If the total amount of all payments and adjustments is greater than the amount pending the insurance carrier, then the items will drop to the Manual Report for your review.

Not Yet Printed Manual Reports (Screen Reference)

The Not Yet Printed screen in autopip displays all Manual reports that have not been printed, e-mailed, or saved to a workstation.

Select manual reports using the arrow keys and then press F1Send To to review, save, print, or e-mail them.

Press F7Daily View to see all daily Manual reports, including the date and user who printed, saved, or e-mailed them.

Why Do I Need to Print, E-Mail, or Save the Manual Reports?: ERAs may contain denials, reversals, and insurance interest payments. After autoposting finishes, any items in an ERA that autopip was unable to post are placed in a “Manual” report. A biller needs to review each Manual report and follow up on the included remittance information for the claims. In many cases, a biller needs to resubmit claims or post payments and adjustments in the Post Insurance Payments (pip) program.

Daily View (Screen Reference)

The autopip Daily View screen displays all incoming ERA check files for each day. You can use the screen to review autoposting activity by date.

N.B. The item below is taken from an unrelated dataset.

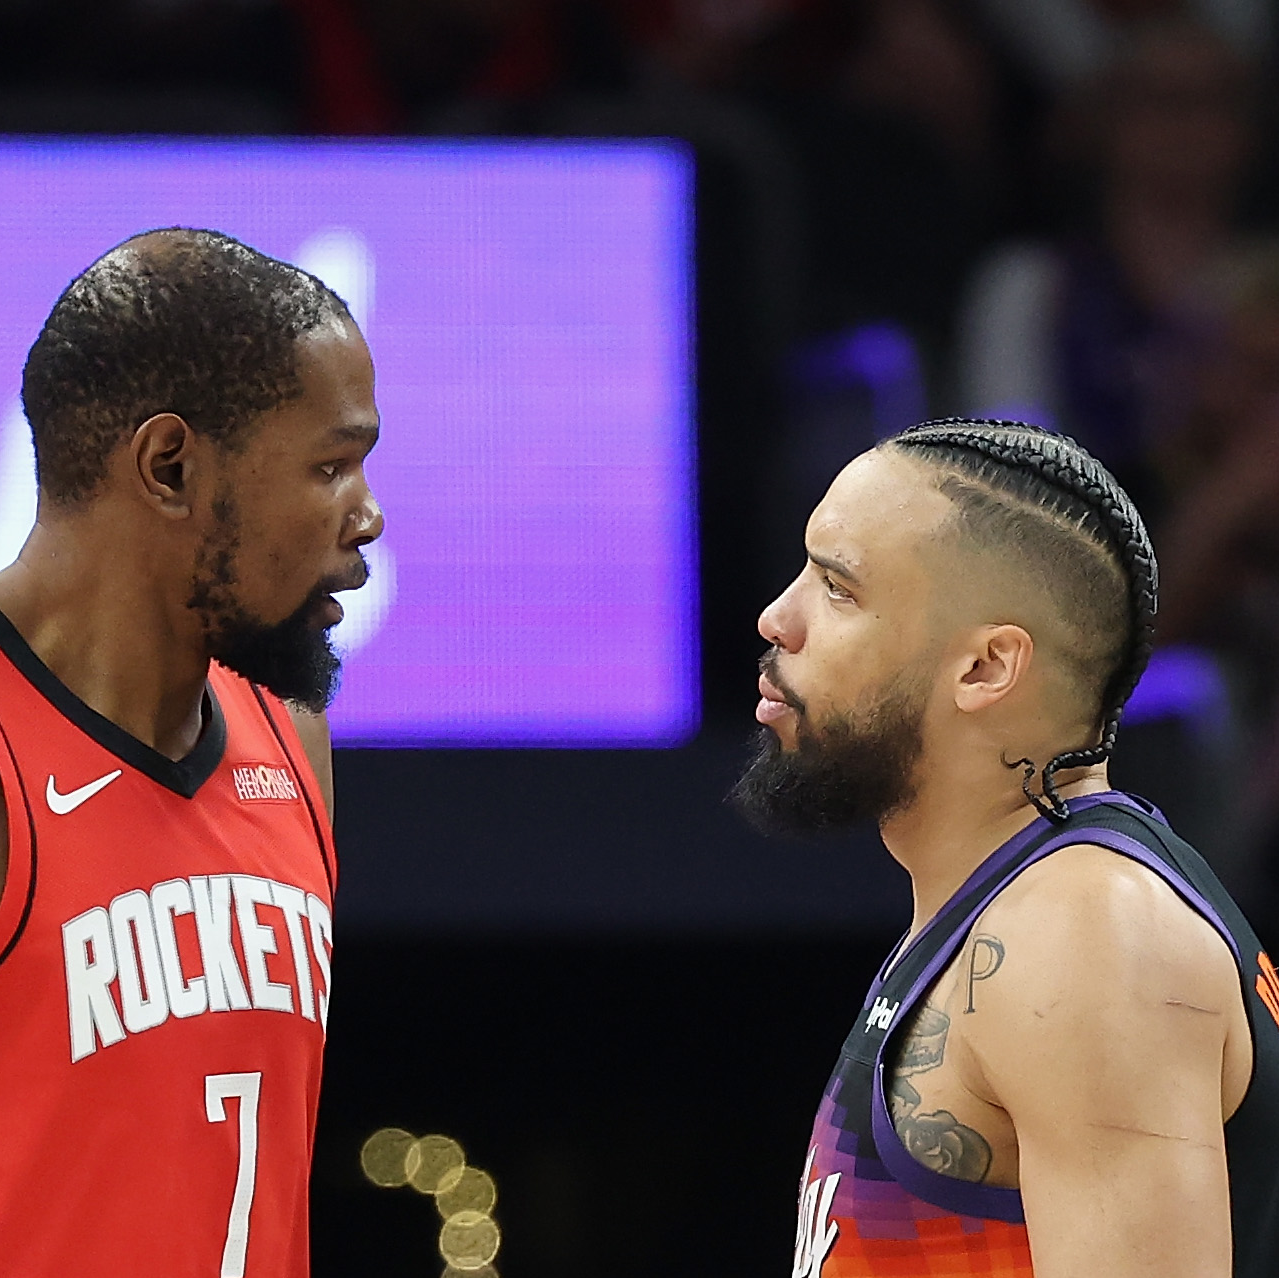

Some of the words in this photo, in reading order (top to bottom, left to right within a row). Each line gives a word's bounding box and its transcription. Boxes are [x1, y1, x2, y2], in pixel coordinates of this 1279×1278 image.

[232, 764, 294, 788] MEMORIAL
[236, 781, 298, 800] HERMANN
[60, 874, 333, 1064] ROCKETS

For each autoposted ERA check file, you can see the Payor, Check #, Check Amount, and the Last Printed date. Note that if you e-mail or save a copy of the check file, it will also be indicated in the “Last Printed” column.

Use the Daily View screen to find out who printed or otherwise took responsibility for each Manual Post report.

Press the right or left arrow keys to select a different day. If a check file had manual, unposted items, you can press F1Send To to print, save, or e-mail the details.